**Task description**
Copy the listing verbatim, excluding any images found in it.

BEGIN Data supplied

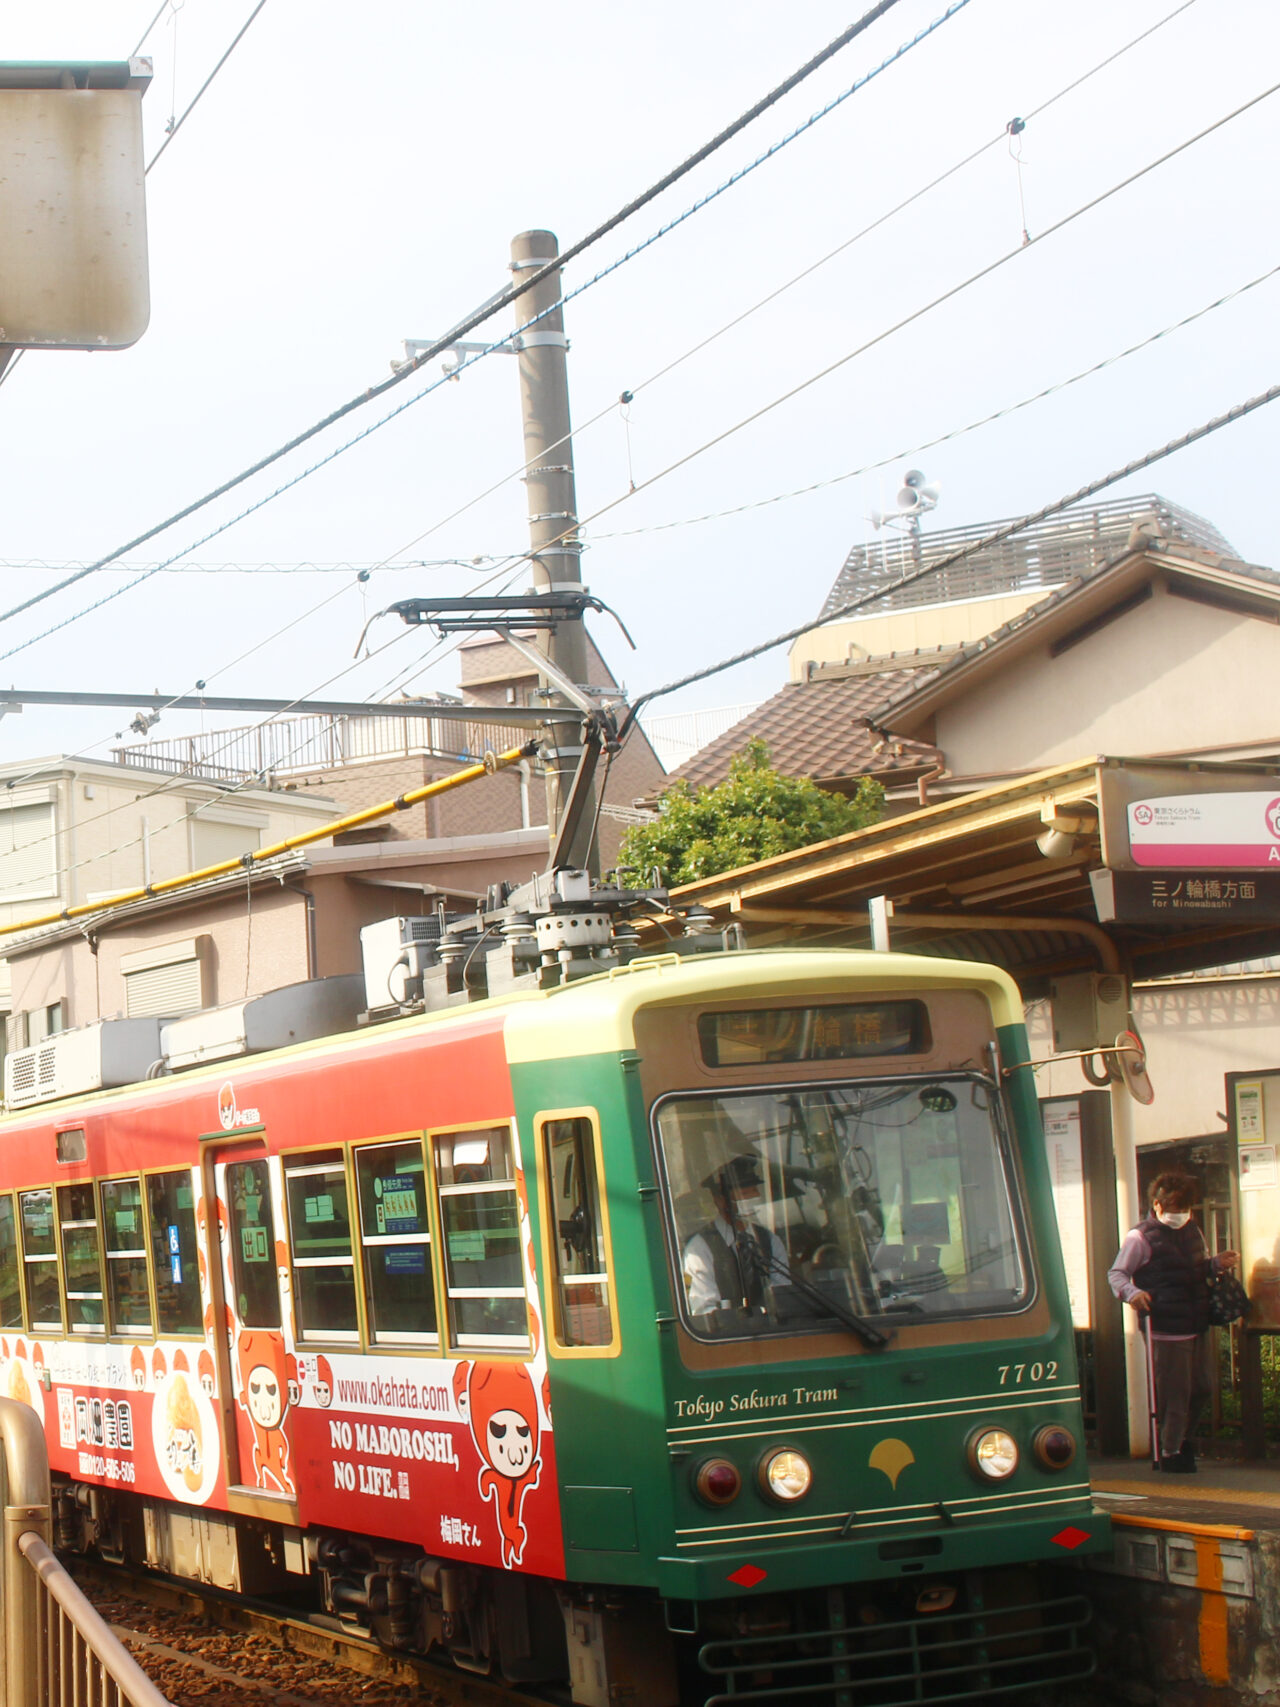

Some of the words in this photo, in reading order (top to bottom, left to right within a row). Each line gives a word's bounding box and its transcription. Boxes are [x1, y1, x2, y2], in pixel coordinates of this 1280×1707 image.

[1138, 811, 1148, 819] SA
[1152, 880, 1255, 899] 三ノ輪橋方面
[1152, 899, 1168, 908] for
[244, 1231, 266, 1258] 出口
[998, 1361, 1058, 1385] 7702
[337, 1376, 450, 1412] www.okahata.com
[674, 1397, 724, 1422] Tokyo
[730, 1389, 787, 1412] Sakura
[793, 1385, 838, 1405] Tram
[329, 1420, 352, 1450] NO
[355, 1423, 460, 1472] MABOROSHI,
[332, 1461, 356, 1491] NO
[358, 1464, 398, 1499] LIFE.

END Data supplied

**Result for this exercise**
Some of the words in this photo, in reading order (top to bottom, left to right within a row). Each line gives a word's bounding box and its transcription. Boxes are [x1, y1, x2, y2], in pixel coordinates of this 1280×1707 image.

[1138, 811, 1148, 819] SA
[1152, 880, 1255, 899] 三ノ輪橋方面
[1152, 899, 1168, 908] for
[244, 1231, 266, 1258] 出口
[998, 1361, 1058, 1385] 7702
[337, 1376, 450, 1412] www.okahata.com
[674, 1397, 724, 1422] Tokyo
[730, 1389, 787, 1412] Sakura
[793, 1385, 838, 1405] Tram
[329, 1420, 352, 1450] NO
[355, 1423, 460, 1472] MABOROSHI,
[332, 1461, 356, 1491] NO
[358, 1464, 398, 1499] LIFE.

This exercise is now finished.